BEGIN
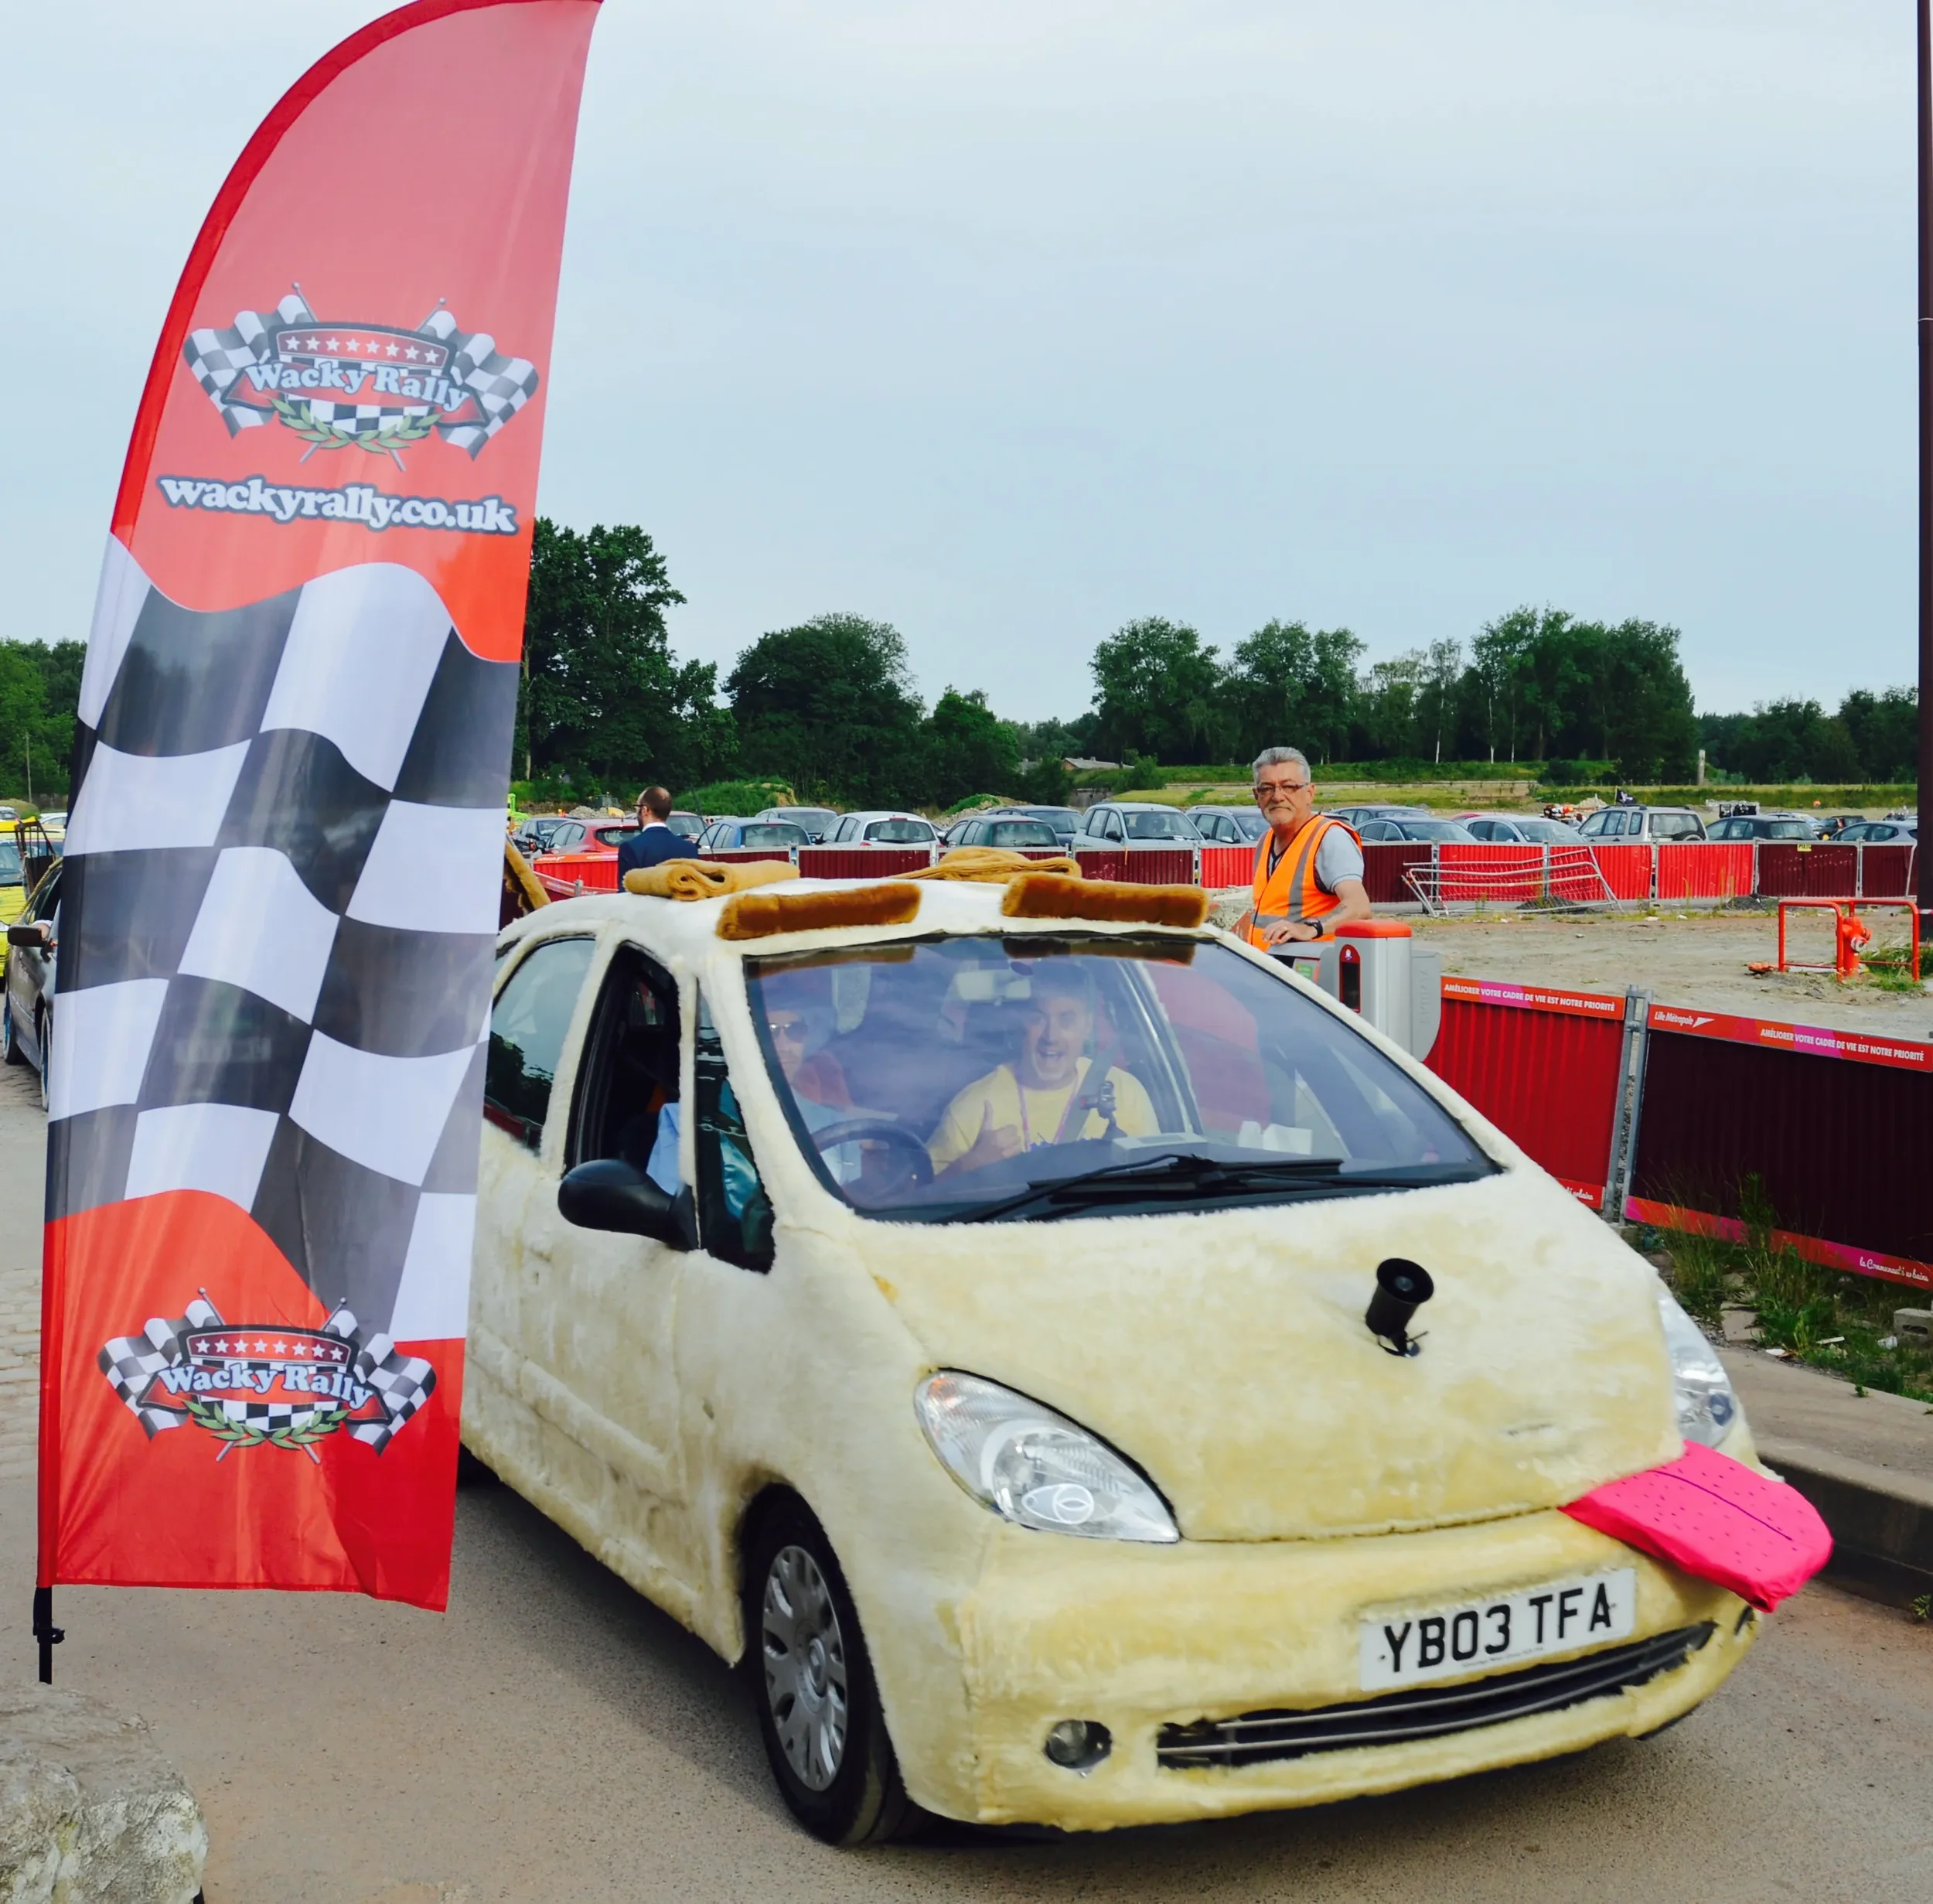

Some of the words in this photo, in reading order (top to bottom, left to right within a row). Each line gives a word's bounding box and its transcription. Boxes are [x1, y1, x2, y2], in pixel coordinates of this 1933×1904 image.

[244, 361, 367, 394] Wacky
[373, 365, 470, 412] Rally
[159, 477, 518, 534] wackyrally.co.uk
[1444, 984, 1480, 995] AMÉLIORER
[1481, 988, 1502, 998] VOTRE
[1502, 991, 1524, 1001] CADRE
[1535, 995, 1546, 1003] VIE
[1547, 995, 1560, 1005] EST
[1560, 998, 1583, 1008] NOTRE
[1584, 999, 1615, 1012] PRIORITÉ
[1655, 1011, 1665, 1021] Lille
[1665, 1012, 1694, 1026] Métropole
[1761, 1028, 1794, 1041] AMÉLIORER
[1795, 1033, 1815, 1045] VOTRE
[1815, 1037, 1836, 1049] CADRE
[1836, 1040, 1846, 1049] DE
[1846, 1042, 1856, 1052] VIE
[1858, 1044, 1870, 1053] EST
[1870, 1046, 1893, 1057] NOTRE
[1894, 1050, 1924, 1061] PRIORITÉ
[157, 1363, 278, 1395] Wacky
[284, 1364, 373, 1410] Rally
[1383, 1604, 1511, 1673] YB03
[1529, 1582, 1612, 1644] TFA
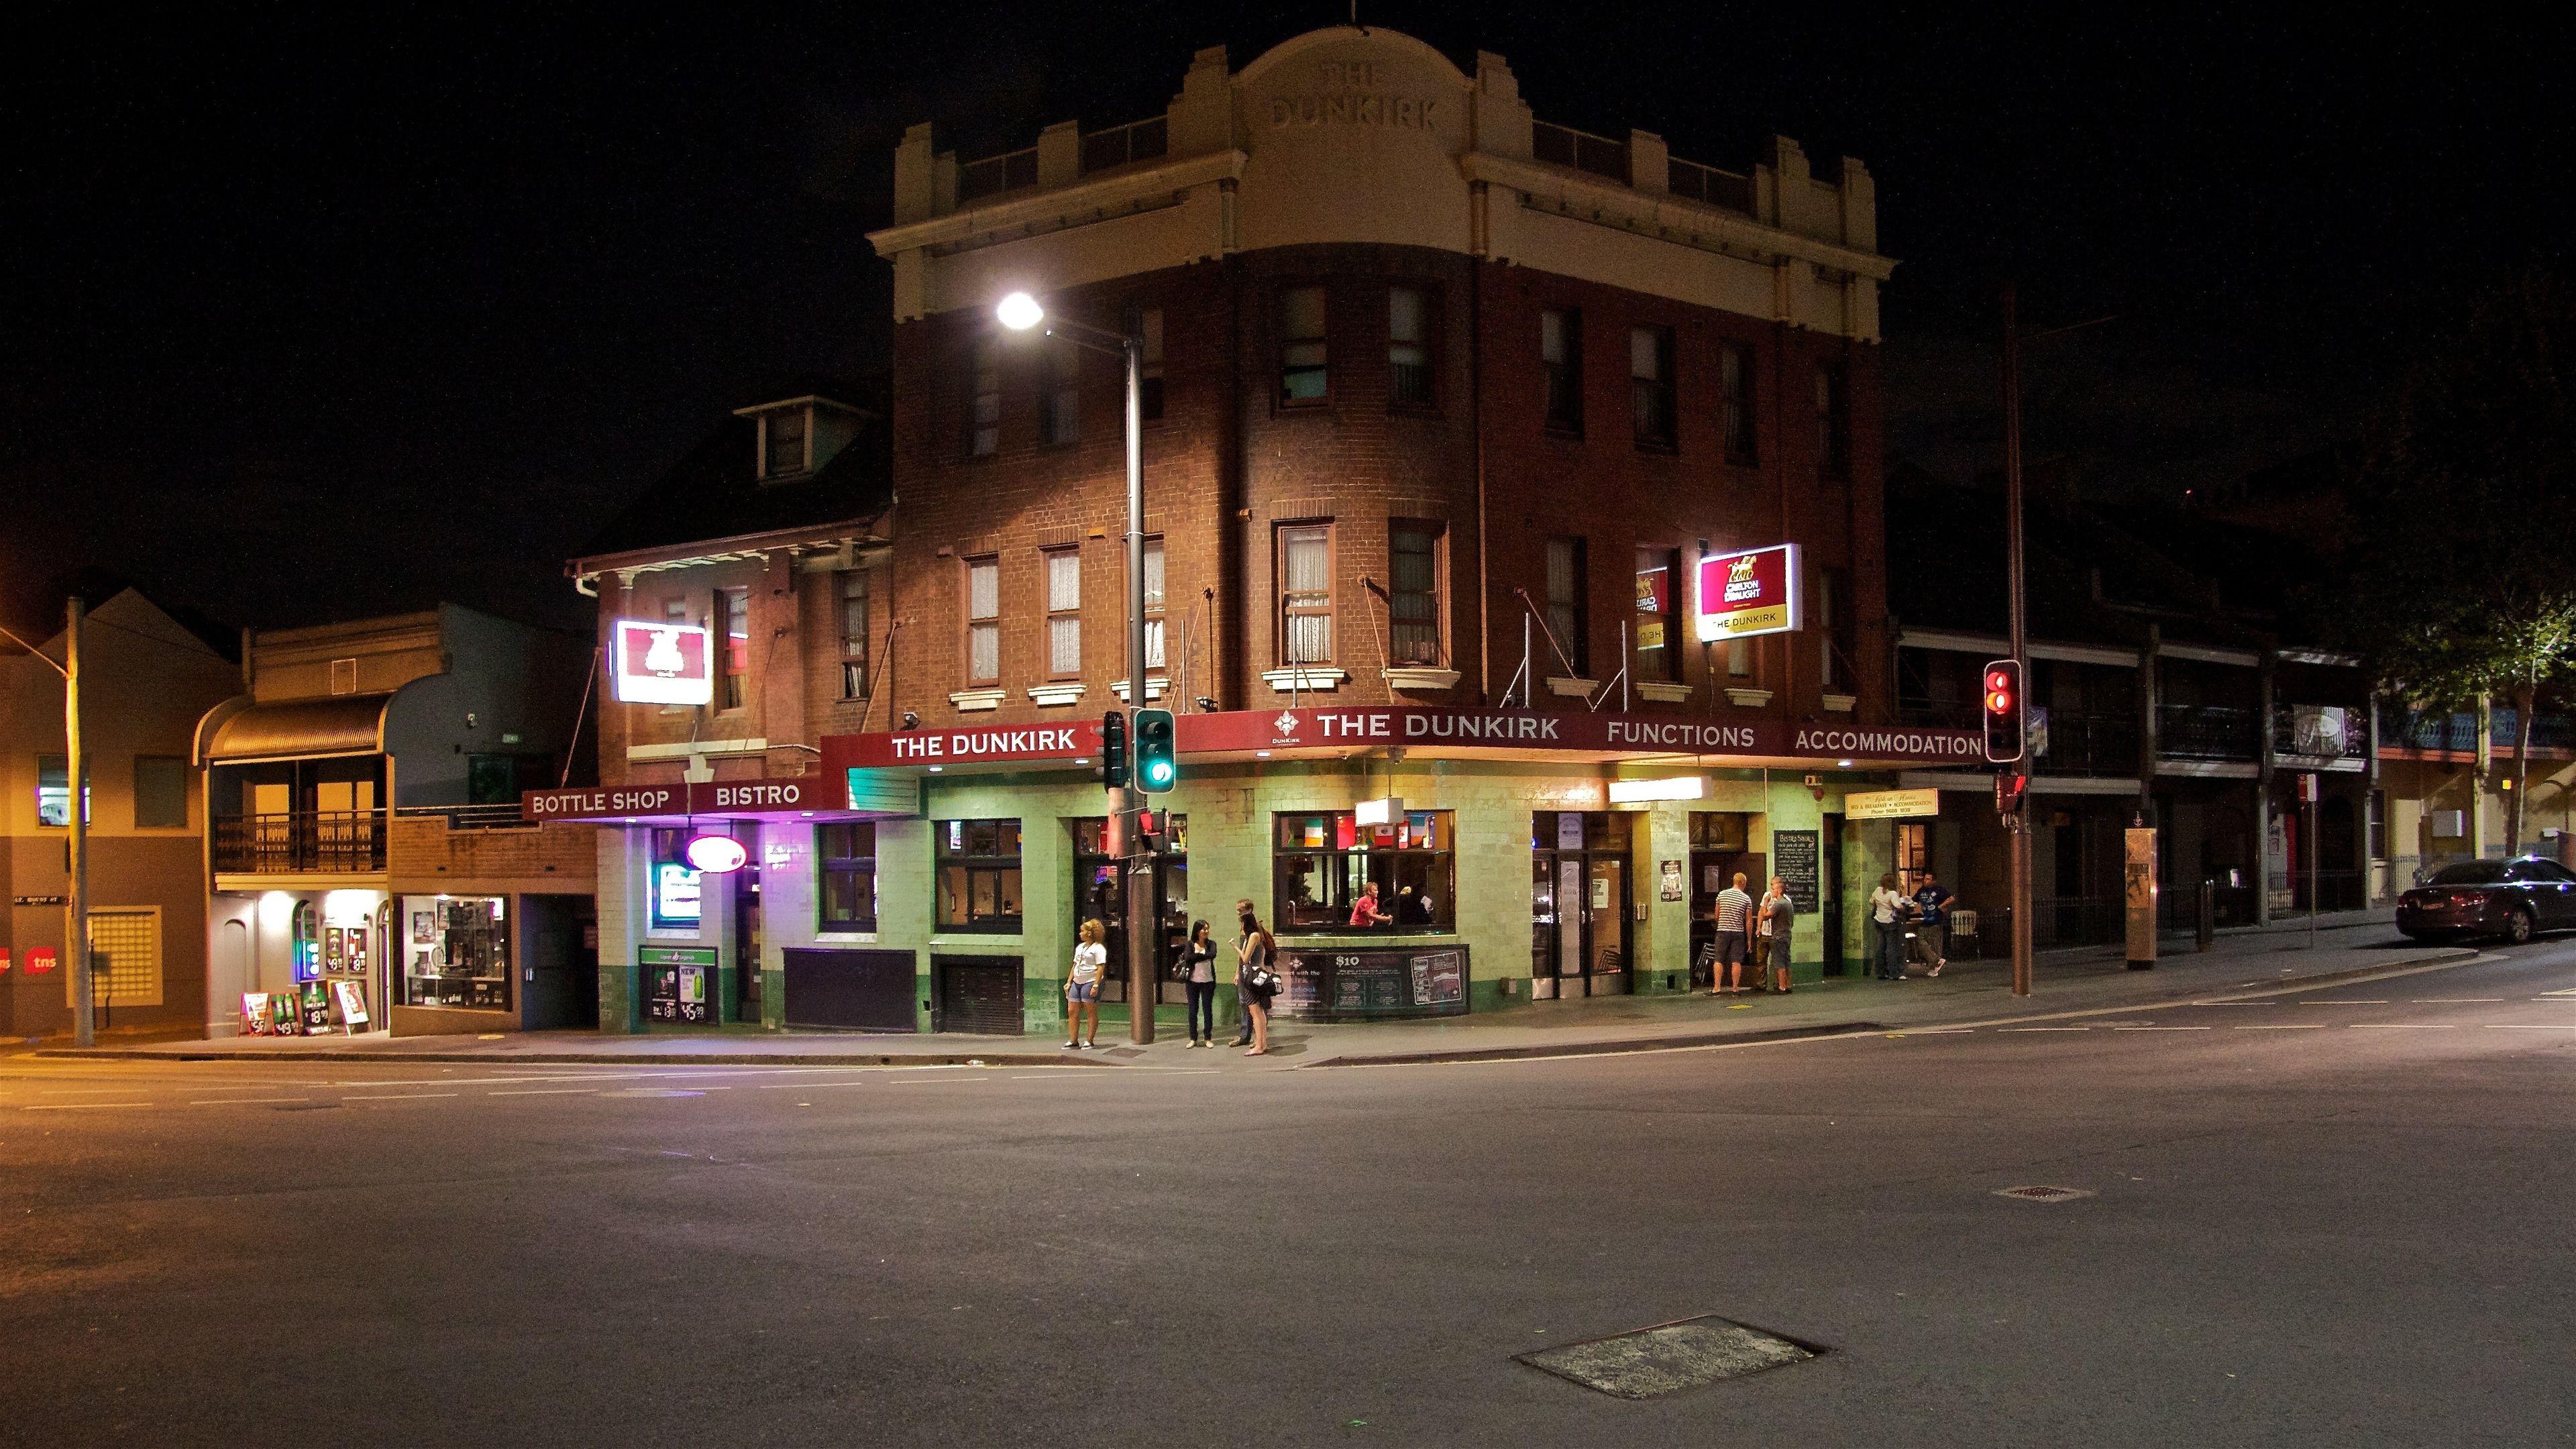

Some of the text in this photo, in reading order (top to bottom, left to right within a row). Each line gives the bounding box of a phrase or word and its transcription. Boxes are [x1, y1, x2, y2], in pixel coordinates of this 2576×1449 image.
END
Repeat the material exactly, without images.

■ Output:
Some of the words in this photo, in reading order (top to bottom, left to right within a row). Each line gives a word's bounding box and its transcription. Boxes are [x1, y1, x2, y2], in pixel coordinates of this 1933×1904 image.

[244, 361, 367, 394] Wacky
[373, 365, 470, 412] Rally
[159, 477, 518, 534] wackyrally.co.uk
[1444, 984, 1480, 995] AMÉLIORER
[1481, 988, 1502, 998] VOTRE
[1502, 991, 1524, 1001] CADRE
[1535, 995, 1546, 1003] VIE
[1547, 995, 1560, 1005] EST
[1560, 998, 1583, 1008] NOTRE
[1584, 999, 1615, 1012] PRIORITÉ
[1655, 1011, 1665, 1021] Lille
[1665, 1012, 1694, 1026] Métropole
[1761, 1028, 1794, 1041] AMÉLIORER
[1795, 1033, 1815, 1045] VOTRE
[1815, 1037, 1836, 1049] CADRE
[1836, 1040, 1846, 1049] DE
[1846, 1042, 1856, 1052] VIE
[1858, 1044, 1870, 1053] EST
[1870, 1046, 1893, 1057] NOTRE
[1894, 1050, 1924, 1061] PRIORITÉ
[157, 1363, 278, 1395] Wacky
[284, 1364, 373, 1410] Rally
[1383, 1604, 1511, 1673] YB03
[1529, 1582, 1612, 1644] TFA

Some of the text in this photo, in reading order (top to bottom, left to right within a row). Each line gives the bounding box of a phrase or word and its transcription. Boxes are [x1, y1, x2, y2], in pixel coordinates of this 2576×1449 image.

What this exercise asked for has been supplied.